Here's another CCD image from Anthony Ayiomamitis of the quasar.

Sunday, October 05, 2008

I showed some RAS folks how to use the CCD camera last night. We couldn't get the drivers installed on the new laptop, despite tweaking the INF files to identify the USB device (at least in Windows, when you first connect a USB device, the device sends an ID number down, and Windows looks in the INFs to locate the driver). Unfortunately the manufacturer of the Starlight Xpress SXV-H9 camera changed the camera and the driver without changing the name or offering the old driver for download--the result is old camera owners can't get it working at all. Having to ask for the driver when it could just be on a website someone is really dumb.

Anyways, we got the camera working on the ancient soon to die laptop (94MB of RAM!) and took this 3 minute (12x 15sec) exposure of the Dumbbell Nebula. Enjoy.

Dumbbell Nebula M27

Thursday, August 14, 2008

When in doubt, blame the instrument: It wasn't the lightning.
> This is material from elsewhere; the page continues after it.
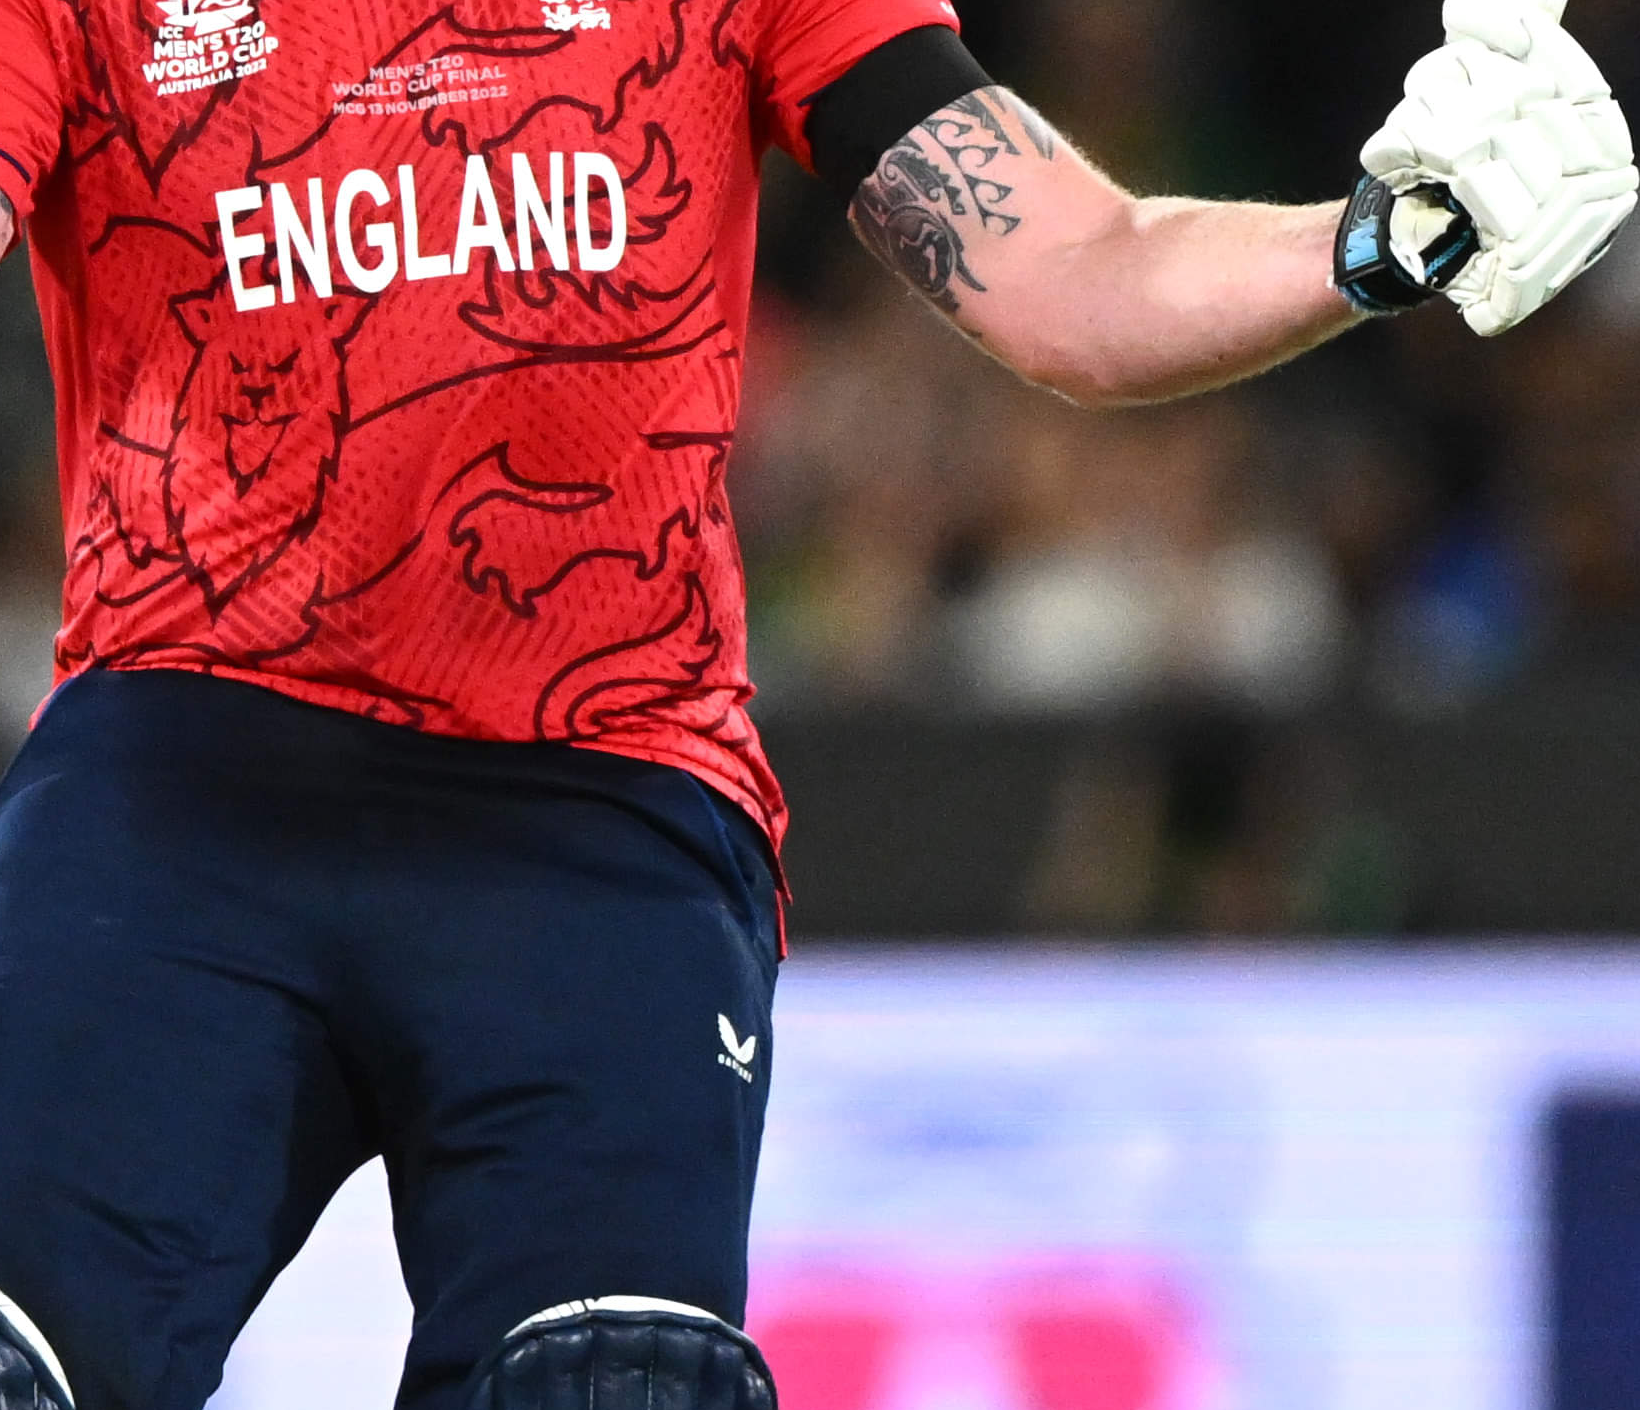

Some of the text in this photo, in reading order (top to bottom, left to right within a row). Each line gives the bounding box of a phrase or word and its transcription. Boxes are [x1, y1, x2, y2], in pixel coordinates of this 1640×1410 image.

The WGN Weather blog shows a video from Bucktown of the intense thunderstorm of August 6th here: http://blogs.trb.com/news/weather/weblog/wgnweather/2008/08/incredible_viewer_video.html, but they claim that the nearby lightning strike at the end of the video actually produced arcing close to the camera. That wasn't the case. The "arcing" is actually an artifact of the CCD sensor in the video camera. To understand what's going on, you'll have to deal a little bit with the physics of CCDs. In silicon, incoming photons will excite electrons out of a lower energy state and into the "conduction" band where it can then migrate through the material. You can call this liberating the electron. In a CCD control voltages create zones where these freed electrons are trapped in the silicon until they are moved out and measured. Those zones are best known as pixels. Depending on the type of CCD, when the exposure is over, the electrons are moved pixel by pixel in columns to be read.

SOHO LASCO Venus
Intensely bright sources of light will produce so many electrons that they will overwhelm the control voltage and flood out of the pixel and into the surrounding pixels and circuitry, producing spurious effects. You've probably seen these effects -- it starts showing up at 1:57 in the Yeah Yeah Yeahs video for Maps for example, or in the SOHO image above (it's Venus doing the blooming).
In this case the electrons flow out and down the columns that the electrons would normally be read. The Sun is a great source of column bleeding in a lot of videos online: see this one, for instance. Or bright stars--here is a weak version (it's the faint vertical column, not the diagonal streaks):
Arcturus

Since it's difficult to control all the sources of light in any possible photo scene, the CCD manufacturers have ways of trying to mitigate the overflowing electrons. One technique is to put drainage canals around the pixels and dump the electrons. This is good, but the extra space for drainage costs you some light sensitivity and light measuring accuracy.

moon
Another problem can develop while you are moving the electrons off the CCD to be measured--if you have a shutterless camera, then light is still hitting all the pixels and can still cause overflow problems. One technique (used a lot for video cameras, at least in the old days) is to make the CCD twice as big with half of the chip covered up. At the end of the exposure you quickly move the electrons in the lit part over to the dark part and then leisurely read them out. This helps, but you can still have those overflowing electrons come down into your dark area.

So, in the lightning video, you can see that the extremely bright strike produces too many electrons in the CCD of the camera, and they flow 1. into the dark frame-transfer area and 2. down the columns (the vertical bleeds).
You can see at least one of these effects in some of the other strikes in the video.